I'm 34! The good thing is I haven't put too much wear and tear on my body so far but the down side is I'm in my 30's so I feel everything unlike how it was when I was 20.


----------



## farmantenna (Nov 22, 2012)

what you're doing is actually on the low side of physical exertion for an electrician. It could be much harder. I'll reserve further comment.


----------



## paulengr (Oct 8, 2017)

One trick in hot weather. You lose potassium quickly. The best way to replenish it is not Gatorade but eating fruit. Specifically bananas and melons are loaded with it. Try it. You’ll find the muscle aches go away much faster.

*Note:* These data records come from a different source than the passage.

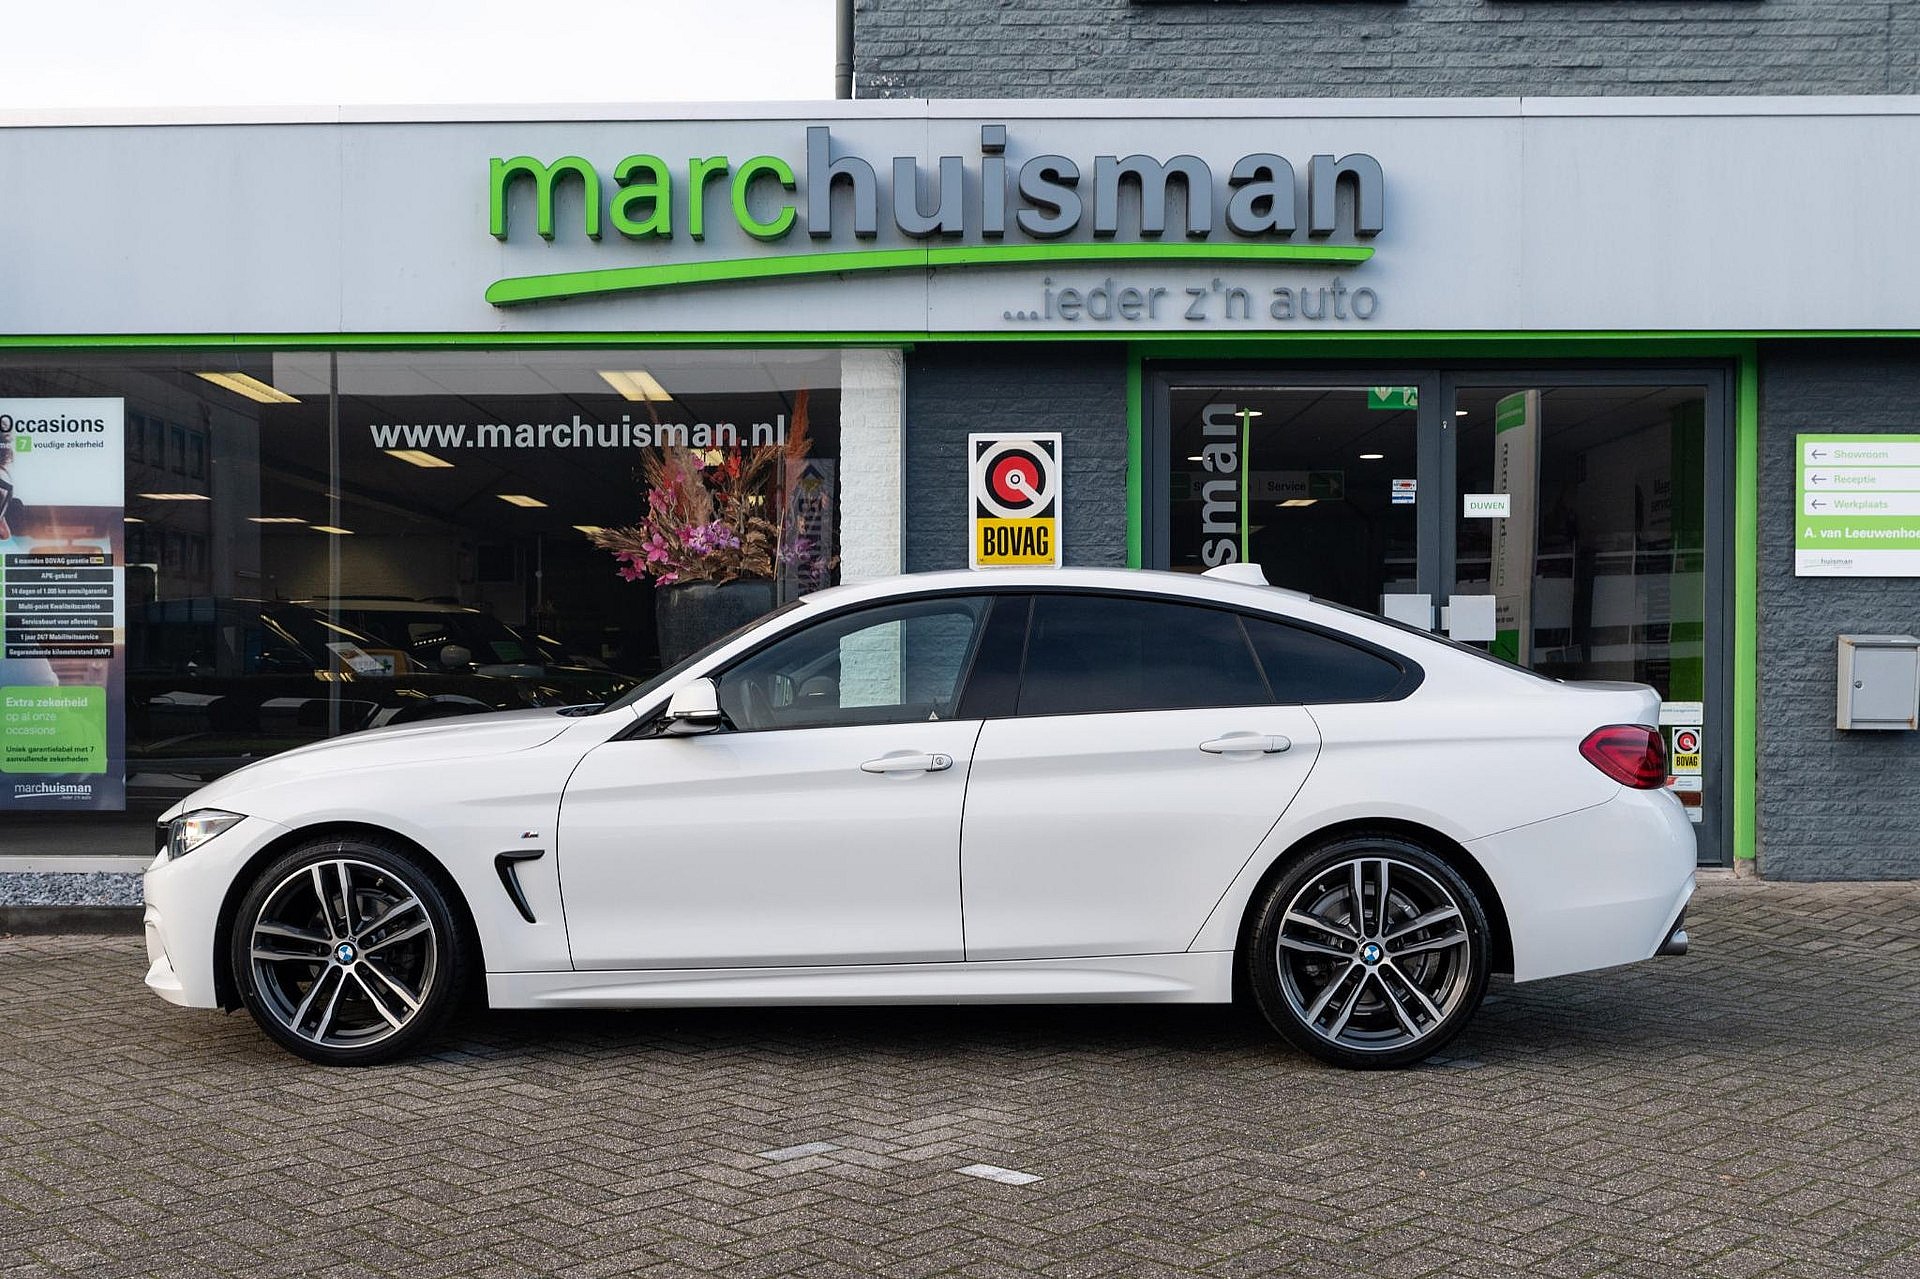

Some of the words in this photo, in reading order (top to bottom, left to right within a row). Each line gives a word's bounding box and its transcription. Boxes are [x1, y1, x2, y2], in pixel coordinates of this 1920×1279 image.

[489, 125, 1384, 240] marchuisman
[1185, 278, 1250, 321] z'n
[1270, 277, 1379, 321] auto
[0, 414, 104, 433] Occasions
[370, 414, 785, 449] www.marchuisman.nl
[33, 441, 65, 450] voudige
[66, 440, 104, 449] zekerheid
[1834, 450, 1889, 459] Showroom
[1202, 403, 1238, 567] sman
[1834, 475, 1877, 485] Receptie
[1470, 501, 1505, 510] DUWEN
[1834, 500, 1888, 510] Werkplaats
[1804, 527, 1816, 538] A.
[1820, 529, 1841, 538] van
[983, 526, 1049, 556] BOVAG
[5, 697, 34, 707] Extra
[36, 697, 88, 707] zekerheid
[5, 713, 19, 722] op
[32, 713, 57, 721] onze
[5, 726, 56, 735] occasions
[1676, 756, 1698, 767] BOVAG
[14, 782, 92, 793] marchuisman

The rest of it is just building up muscles. Last year one of the mechanics on my crew tried to swap out with me on landing 500 MCM cables on a retrofit. It was too tight, the cables were too short, the usual. He spent 20 minutes on ONE. I reached in and landed it in 60 seconds.


----------



## greg728 (Oct 4, 2020)

farmantenna said:


> what you're doing is actually on the low side of physical exertion for an electrician. It could be much harder. I'll reserve further comment.


Yes I understand that and I'm fully capable of exerting myself. What I'm asking is if my body will eventually get more used to it. Thanks.


----------



## Wirenuting (Sep 12, 2010)

greg728 said:


> Yes I understand that and I'm fully capable of exerting myself. What I'm asking is if my body will eventually get more used to it. Thanks.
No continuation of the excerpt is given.